Sergio Ramos, the former Real Madrid stalwart considered one of the best defenders in the world, has signed a two-year contract with Paris Saint-Germain, the French club said on Thursday.
Ramos, 35, won the Champions League four times with Real and is a World Cup winner and a two-time champion of Europe with Spain.
The veteran, who has won a European record 180 caps and scored 23 goals for his country, arrives with PSG desperate to add experience to their squad for another assault on an elusive first Champions League title.
PSG sporting director Leonardo has also brought in Dutch midfield star Georginio Wijnaldum from Liverpool and Moroccan defender Achraf Hakimi from Italian champions Inter Milan and the club has been heavily linked with goalkeeper Gianluigi Donnarumma, who will line up for Italy against England in Sunday’s Euro 2020 final.
The Qatari-owned club also hope the significant investment will persuade France striker Kylian Mbappe to sign a new deal beyond 2022.
“It’s a big change in my life, a new challenge and a day I shall never forget,” Ramos said in a PSG statement.
“I am proud to be a part of this very ambitious project and to join a team with great players. It’s a club which has already proved itself at the highest level with solid foundations. I want to continue to grow with Paris and help the team win titles.”
PSG lauded him as one of the world’s most decorated defenders, noting individual distinctions including UEFA naming him Europe’s best defender in 2017 and again in 2018.
“Sergio is a complete footballer, one of the best defenders in history. He is a born competitor, a leader and a great professional,” said PSG president Nasser Al-Khelaifi, who saluted Ramos’ “wealth of experience and his ambitions (which) are in perfect harmony with those of the club.”
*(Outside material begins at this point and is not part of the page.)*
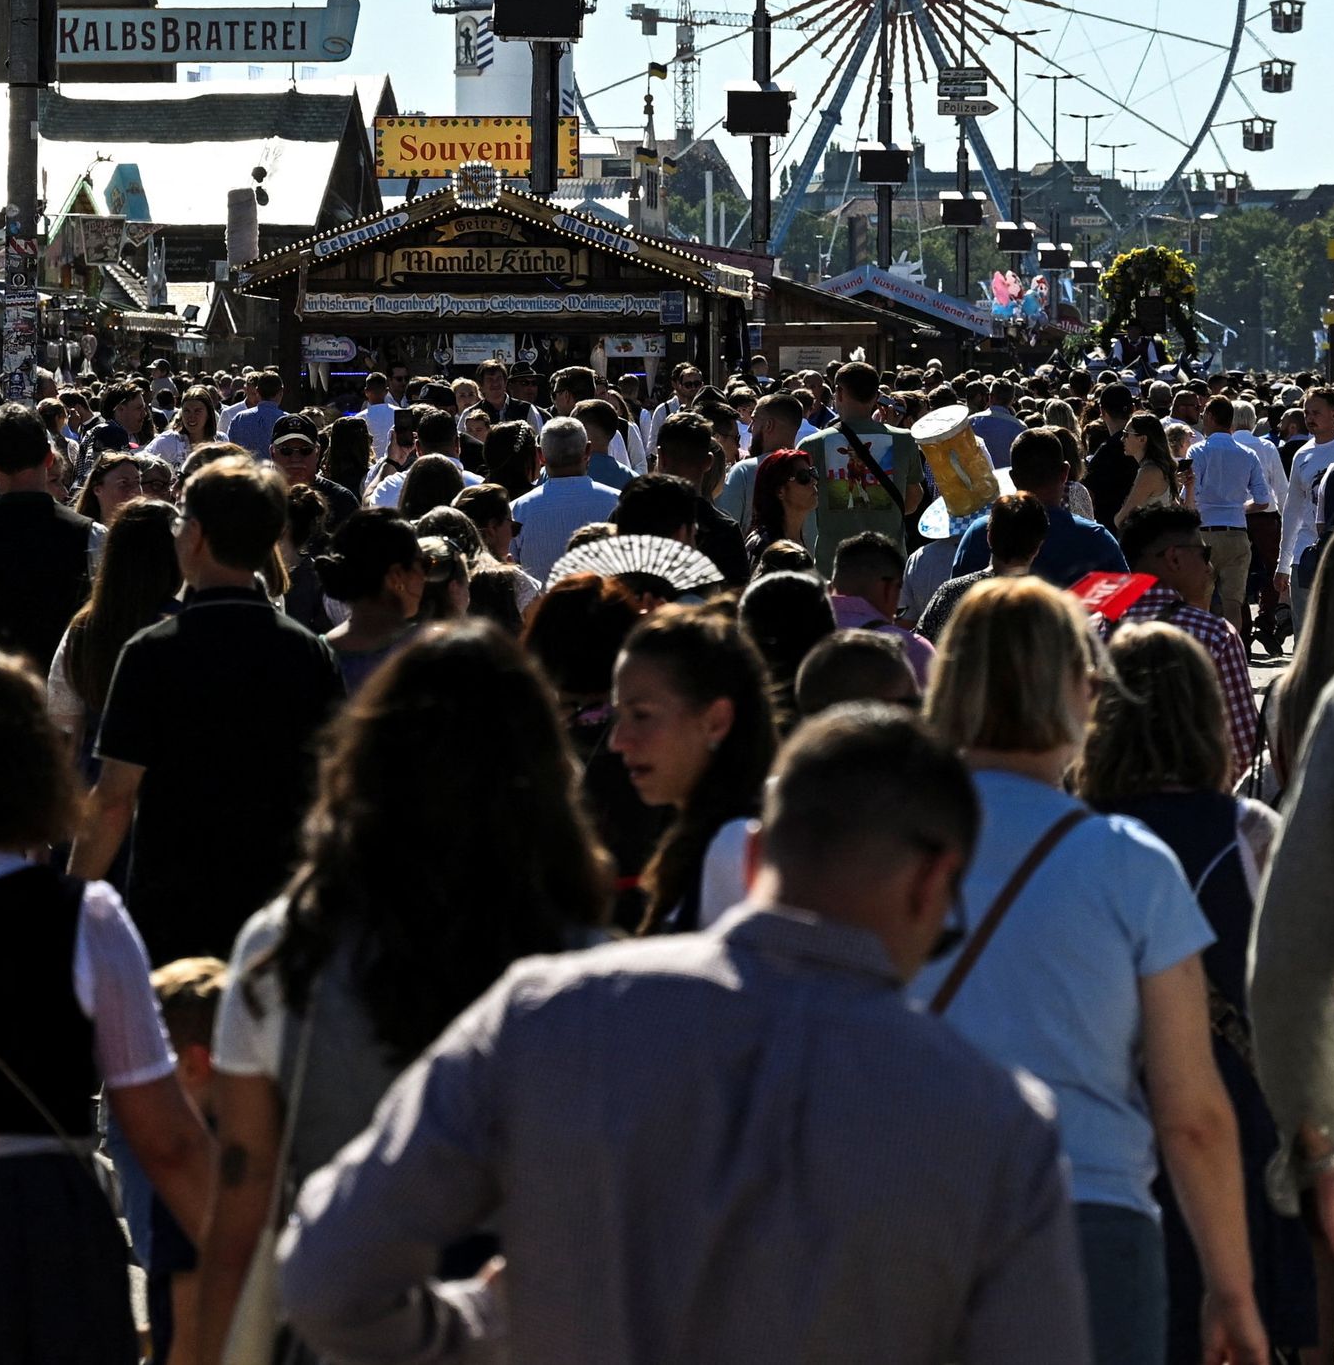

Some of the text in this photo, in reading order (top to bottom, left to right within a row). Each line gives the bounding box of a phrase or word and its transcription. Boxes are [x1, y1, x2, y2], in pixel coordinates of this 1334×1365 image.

Ramos, who cut his teeth with Sevilla before joining Real in 2005, played almost 500 league games for Los Blancos, marshalling their defence for 16 seasons and winning La Liga five times.
He also scored some notable goals -- not least his injury-time equaliser in the 2014 Champions League final against city rivals Atletico.
Real went on to win 4-1 to claim their tenth win in the competition and Ramos remained a mainstay of the side as they made it four continental titles in five seasons between 2016 and 2018 under French coach Zinedine Zidane.
Ramos was remarkably consistent across his 16 seasons at the Bernabeu, with knee meniscus surgery midway through his final season last term his only lengthy absence throughout that time.
That spell on the sidelines put an end to a streak of 31 consecutive appearances in El Clasico against eternal La Liga rivals Barcelona and overall Ramos would play only 21 matches for Real in his final season.
On June 16, Real announced he would be leaving. Ramos will continue to wear his habitual number four shirt at the Parc des Princes which he says has become “part of me as a person as well as a professional.”
Ramos started out at his home-town side of Camas, just across the Guadalquivir river, on a pitch where now there is only dirt and wild flowers.
“When he was three or four years old, he was already kicking balls out on the pitch,” former Camas club president Juan Luis Angulo recently recalled.
The young Ramos would go on to join Sevilla’s academy aged 12 and by 17 was knocking on the first team door before Real lured him away still aged just 19 for 27 million euros ($32 million dollars).